Exclude all pictures, then copy each of the records exactly as written.

Dataset entries:
★ ★ ★

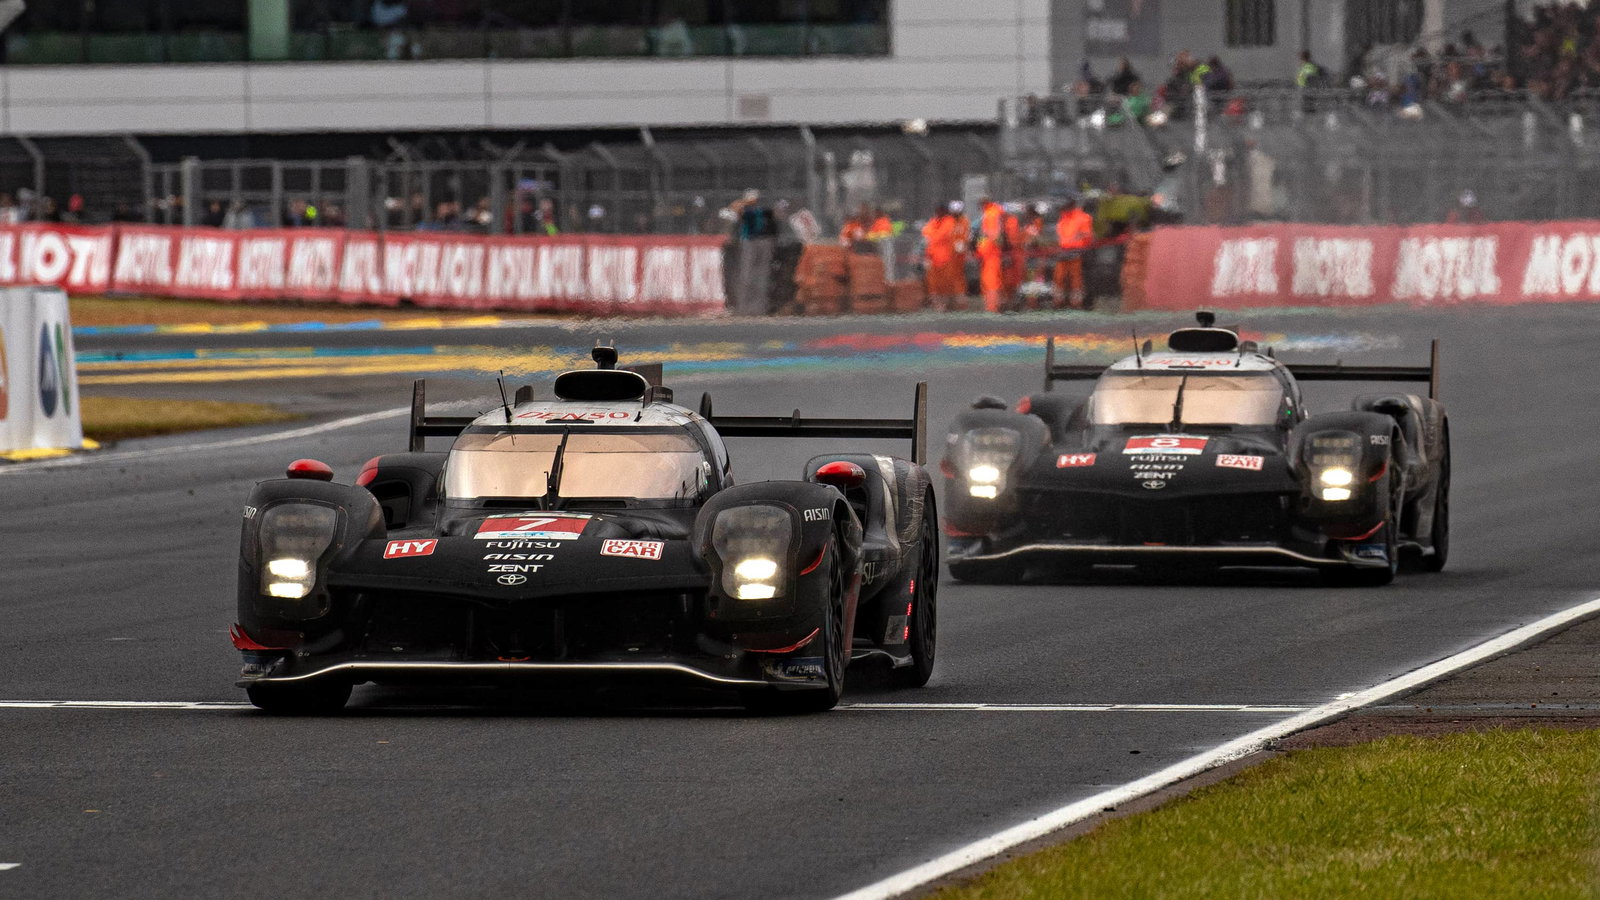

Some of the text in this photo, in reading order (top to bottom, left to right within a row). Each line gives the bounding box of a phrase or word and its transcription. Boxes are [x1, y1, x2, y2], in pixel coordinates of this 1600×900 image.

[1391, 235, 1501, 299] MOTUL
[517, 411, 629, 421] DENSO
[1151, 438, 1180, 447] 8
[1060, 455, 1093, 465] HY
[1221, 459, 1258, 468] CAR
[1133, 471, 1176, 479] ZENT
[804, 507, 830, 522] AISIN
[513, 517, 558, 531] 7
[388, 540, 433, 555] HY
[485, 541, 561, 550] FUJITSU
[608, 540, 658, 548] HYPER
[607, 545, 656, 557] CAR
[482, 553, 555, 561] AISIN
[487, 564, 544, 573] ZENT
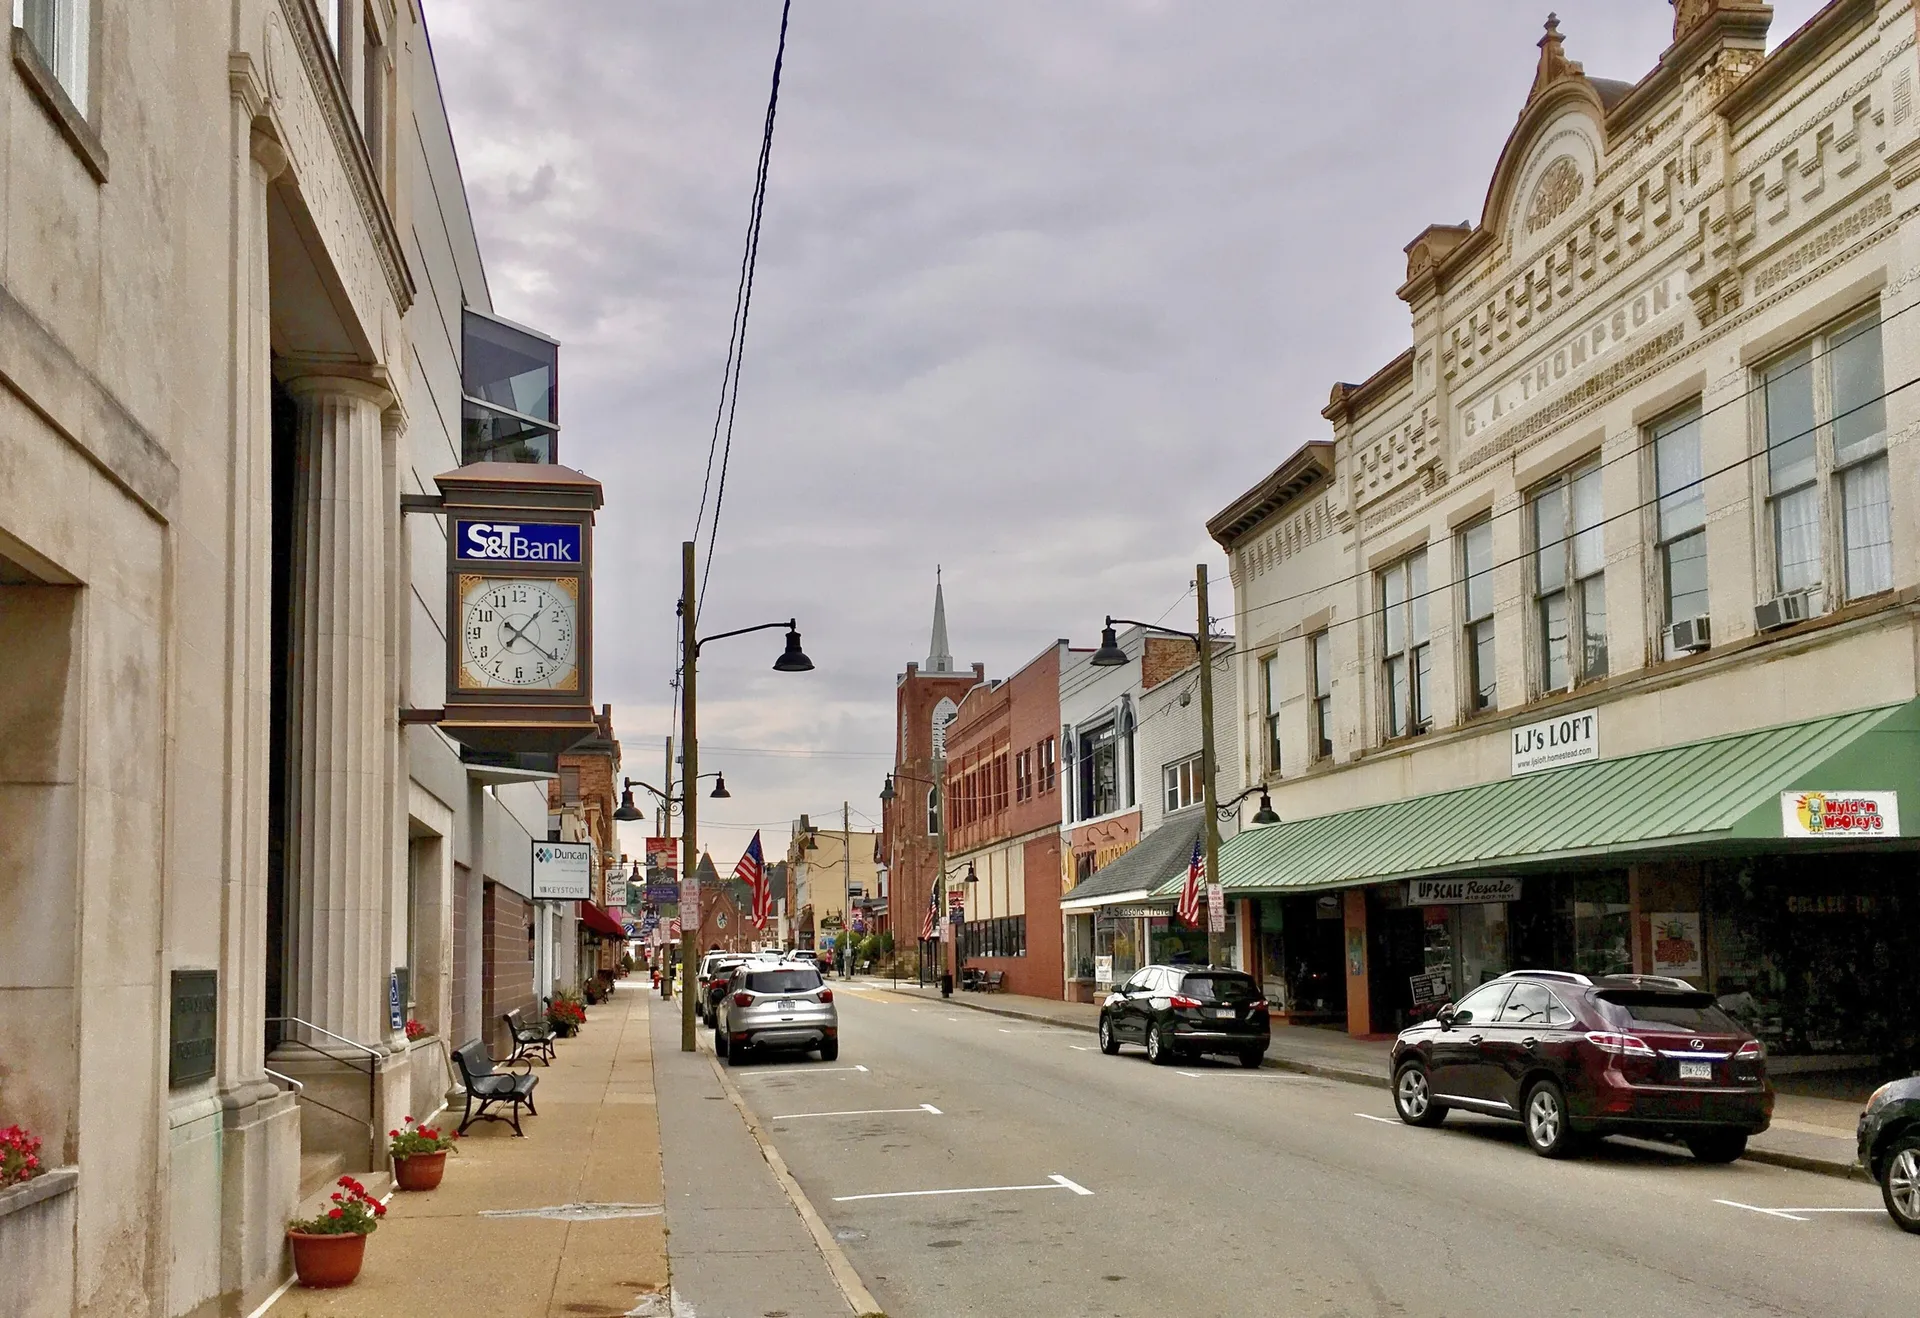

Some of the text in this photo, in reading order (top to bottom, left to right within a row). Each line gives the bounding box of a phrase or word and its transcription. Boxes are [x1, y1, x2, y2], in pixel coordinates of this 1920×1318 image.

[467, 523, 572, 560] S&T Bank
[493, 594, 507, 608] 11
[512, 589, 527, 603] 12
[537, 594, 544, 609] 1
[478, 609, 493, 622] 10
[472, 627, 482, 639] 9
[480, 645, 488, 658] 8
[495, 660, 504, 674] 7
[515, 666, 524, 679] 6
[535, 661, 544, 674] 5
[1515, 715, 1593, 755] LJ's LOFT
[1517, 747, 1592, 769] www.ljsloft.homestead.com
[554, 848, 588, 860] Duncan
[547, 886, 584, 894] KEYSTONE
[1467, 880, 1514, 895] Resale
[1106, 906, 1171, 917] 4 Seasons Travel

★ ★ ★

_Written solution:_
Some of the text in this photo, in reading order (top to bottom, left to right within a row). Each line gives the bounding box of a phrase or word and its transcription. Boxes are [x1, y1, x2, y2], in pixel coordinates of this 1600×900 image.

[1391, 235, 1501, 299] MOTUL
[517, 411, 629, 421] DENSO
[1151, 438, 1180, 447] 8
[1060, 455, 1093, 465] HY
[1221, 459, 1258, 468] CAR
[1133, 471, 1176, 479] ZENT
[804, 507, 830, 522] AISIN
[513, 517, 558, 531] 7
[388, 540, 433, 555] HY
[485, 541, 561, 550] FUJITSU
[608, 540, 658, 548] HYPER
[607, 545, 656, 557] CAR
[482, 553, 555, 561] AISIN
[487, 564, 544, 573] ZENT

Some of the text in this photo, in reading order (top to bottom, left to right within a row). Each line gives the bounding box of a phrase or word and its transcription. Boxes are [x1, y1, x2, y2], in pixel coordinates of this 1920×1318 image.

[467, 523, 572, 560] S&T Bank
[493, 594, 507, 608] 11
[512, 589, 527, 603] 12
[537, 594, 544, 609] 1
[478, 609, 493, 622] 10
[472, 627, 482, 639] 9
[480, 645, 488, 658] 8
[495, 660, 504, 674] 7
[515, 666, 524, 679] 6
[535, 661, 544, 674] 5
[1515, 715, 1593, 755] LJ's LOFT
[1517, 747, 1592, 769] www.ljsloft.homestead.com
[554, 848, 588, 860] Duncan
[547, 886, 584, 894] KEYSTONE
[1467, 880, 1514, 895] Resale
[1106, 906, 1171, 917] 4 Seasons Travel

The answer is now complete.